Tony Perkins, president of the anti-LGBT Family Research Council, praised Trump in a statement.
“The announcement of President Trump’s faith initiative is further evidence that this administration is not only committed to protecting our First Freedom but in also acknowledging that our faith in God contributes to the guidance and well-being of our country,” Perkins said.
The Obama-era program was itself a restructuring of a program established in 2001 during the administration of George W. Bush. The Bush-era program was criticized as a potential violation of the Establishment Clause and as a payoff to faith leaders to encourage support for Bush’s presidency and re-election in 2004, which may be Trump’s aims as well as the congressional mid-term elections approach.
Trump signs his executive order creating the initiative on the anniversary of a “religious freedom” executive order he signed last year. That order was criticized by LGBT rights supporters because it directed U.S. Attorney General Jeff Sessions to create “religious freedom” guidance seen to enable anti-LGBT discrimination under the law.
The new initiative also echoes the creation of the Conscience & Religious Freedom Division at the Department of Health & Human Services. Critics say that division will enable medical practitioners to deny services to women seeking abortions or transgender people seeking transition-related care, including gender reassignment surgery.
Although LGBT rights supporters weren’t ready to pounce on the new Trump initiative, they expressed concern about the program and said they were wary of its impact.
Daniel Mach, director of the American Civil Liberties Union’s program on freedom of religion and belief, said in a statement the new initiative must not direct taxpayer money to organizations that discriminate against LGBT people.

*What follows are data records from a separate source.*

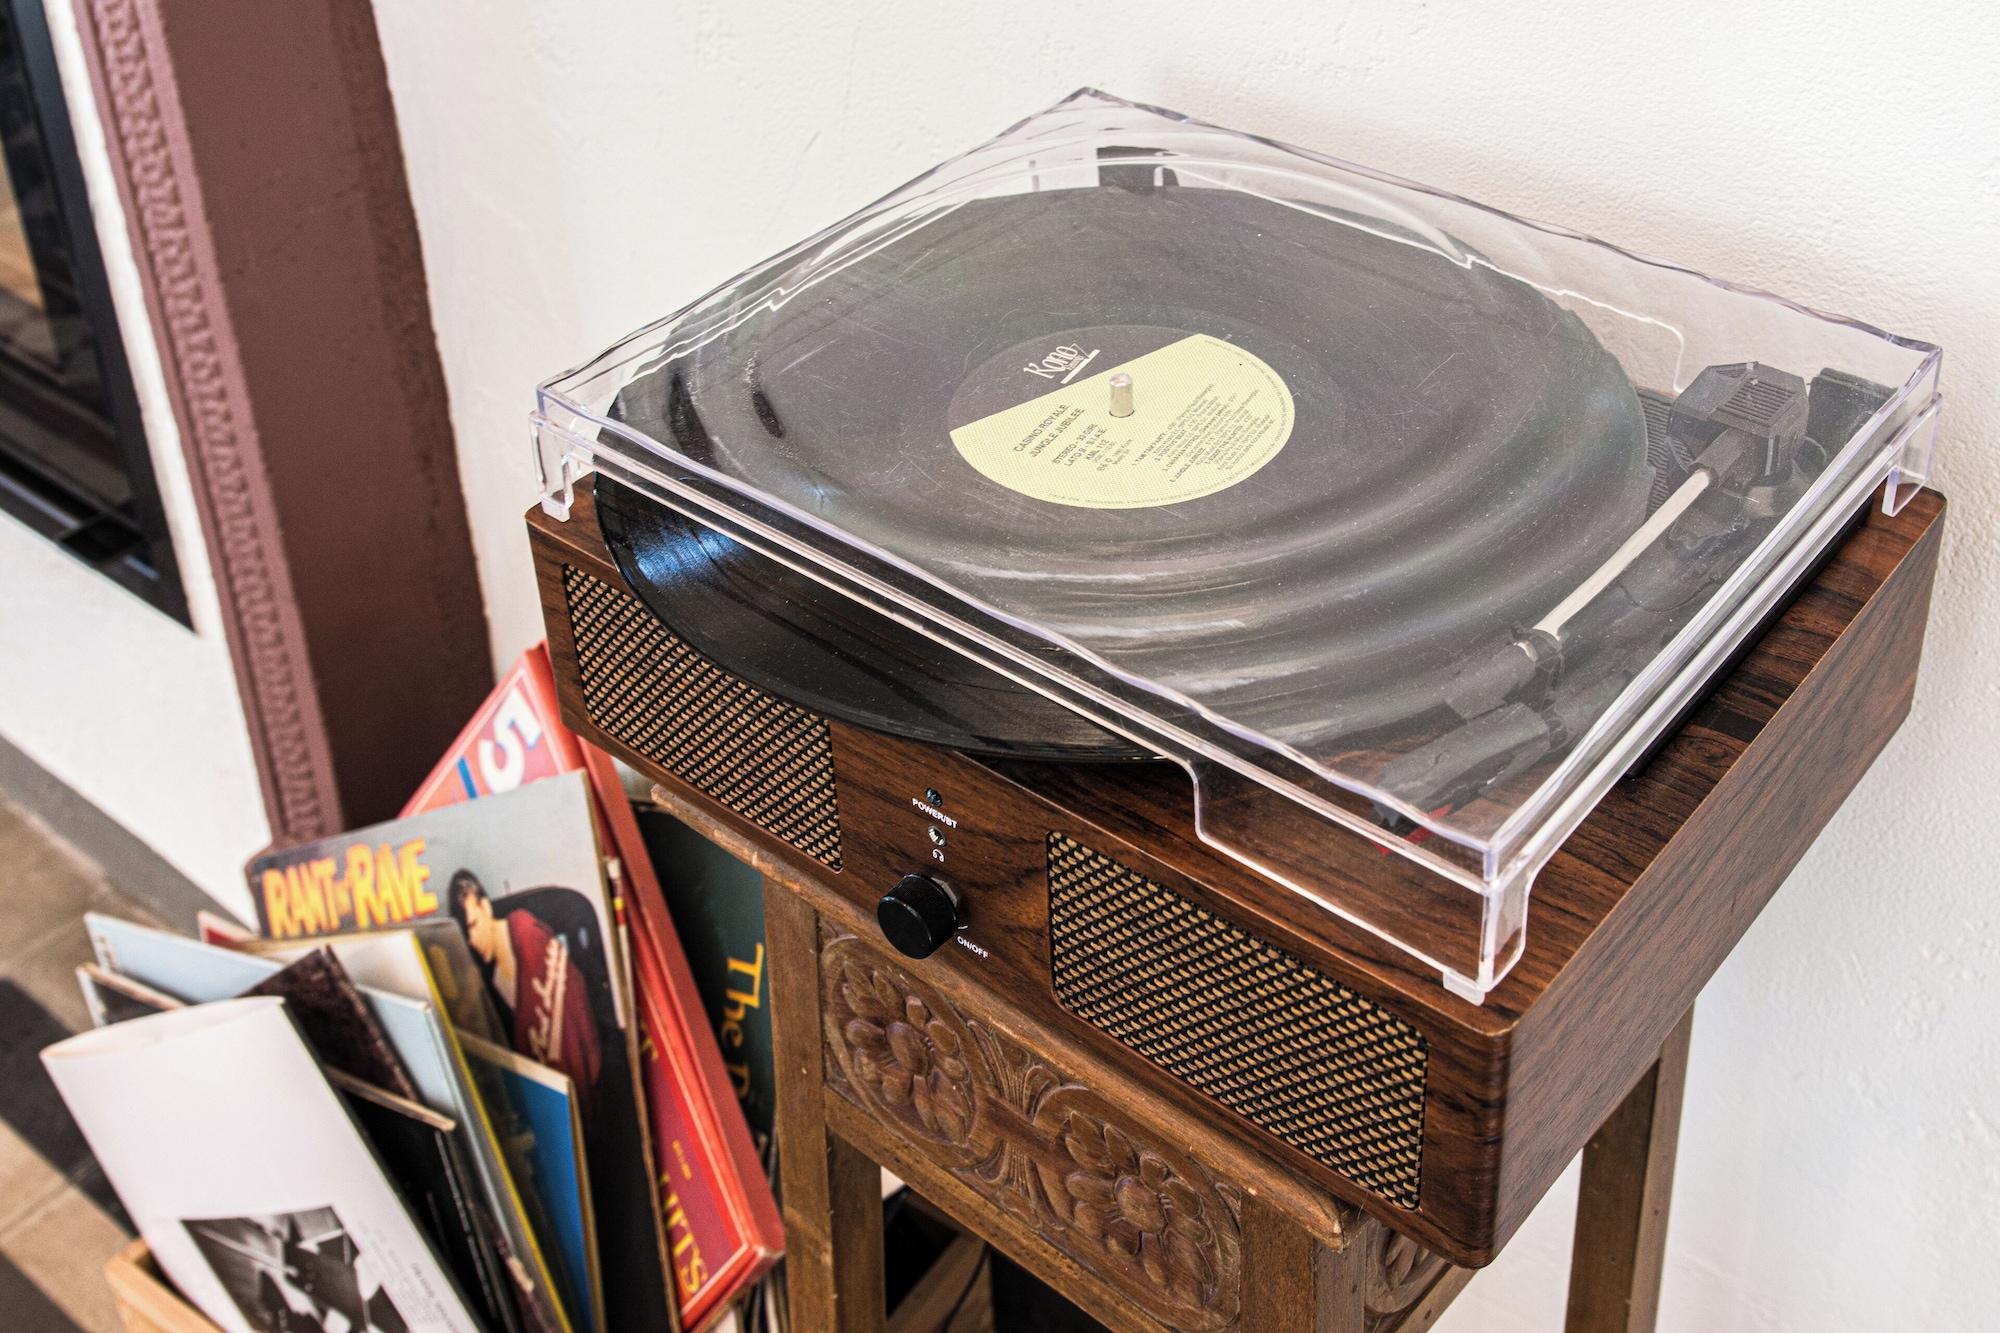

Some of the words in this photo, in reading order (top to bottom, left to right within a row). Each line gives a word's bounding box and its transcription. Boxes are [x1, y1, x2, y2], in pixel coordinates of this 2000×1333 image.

[1013, 428, 1043, 452] CASINO
[1038, 404, 1069, 431] ROYALE
[1030, 432, 1058, 458] JUNGLE
[1055, 408, 1085, 434] JUBILEE
[1052, 443, 1076, 464] STEREO
[912, 798, 958, 829] POWER/BT
[262, 856, 339, 939] RANT
[345, 837, 438, 929] RAVE
[957, 935, 989, 959] ON/OFF
[721, 942, 764, 1047] The

“Freedom of religion is one of our most fundamental and cherished rights. But that freedom does not give any of us the right to harm other people, to impose our beliefs on others, or to discriminate,” Mach said. “The ACLU will be watching this initiative closely to ensure that it does not promote policies that violate these core principles.”
Sharon McGowan, director of strategy for Lambda Legal, said, “there isn’t a lot of substance” in the executive order, but it reeks of earlier Trump administration efforts enabling anti-LGBT discrimination in the name of ‘religious freedom.’
“As we saw in the proposed rule coming out of HHS last January, this administration thinks that it burdens someone’s religious belief to have to provide appropriate health care to a trans person, or even to make a referral to someone who will,” McGowan said. “This EO is very much of a piece with last year’s EO, Jeff Sessions’ proclamation from last fall, and what’s come out of HHS.”
McGowan said the executive order is also consistent with Sessions’ pledge to the anti-LGBT Alliance Defending Freedom to restructure the federal government to favor religious freedom even at the expense of protecting others from discrimination.
“So while there isn’t really much in here that’s new, it is another piece of the larger structure that this administration is building to weaponize religion,” McGowan said. “Faith doesn’t have to be synonymous with discrimination, but that certainly seems to be what this administration means.”
Kasey Suffredini, president of strategy at Freedom for All Americans, went a step further and said the initiative makes religion “a tool to cause harm.”
“By allowing agencies that receive taxpayer dollars to discriminate against LGBTQ people as long as they cite religion as the reason for doing so, this administration has weaponized religion in a way that prioritizes anti-LGBTQ bias over vulnerable children finding loving homes,” Suffredini said. “President Trump’s continued attacks on LGBTQ families hurt everyone — and they will not stand.”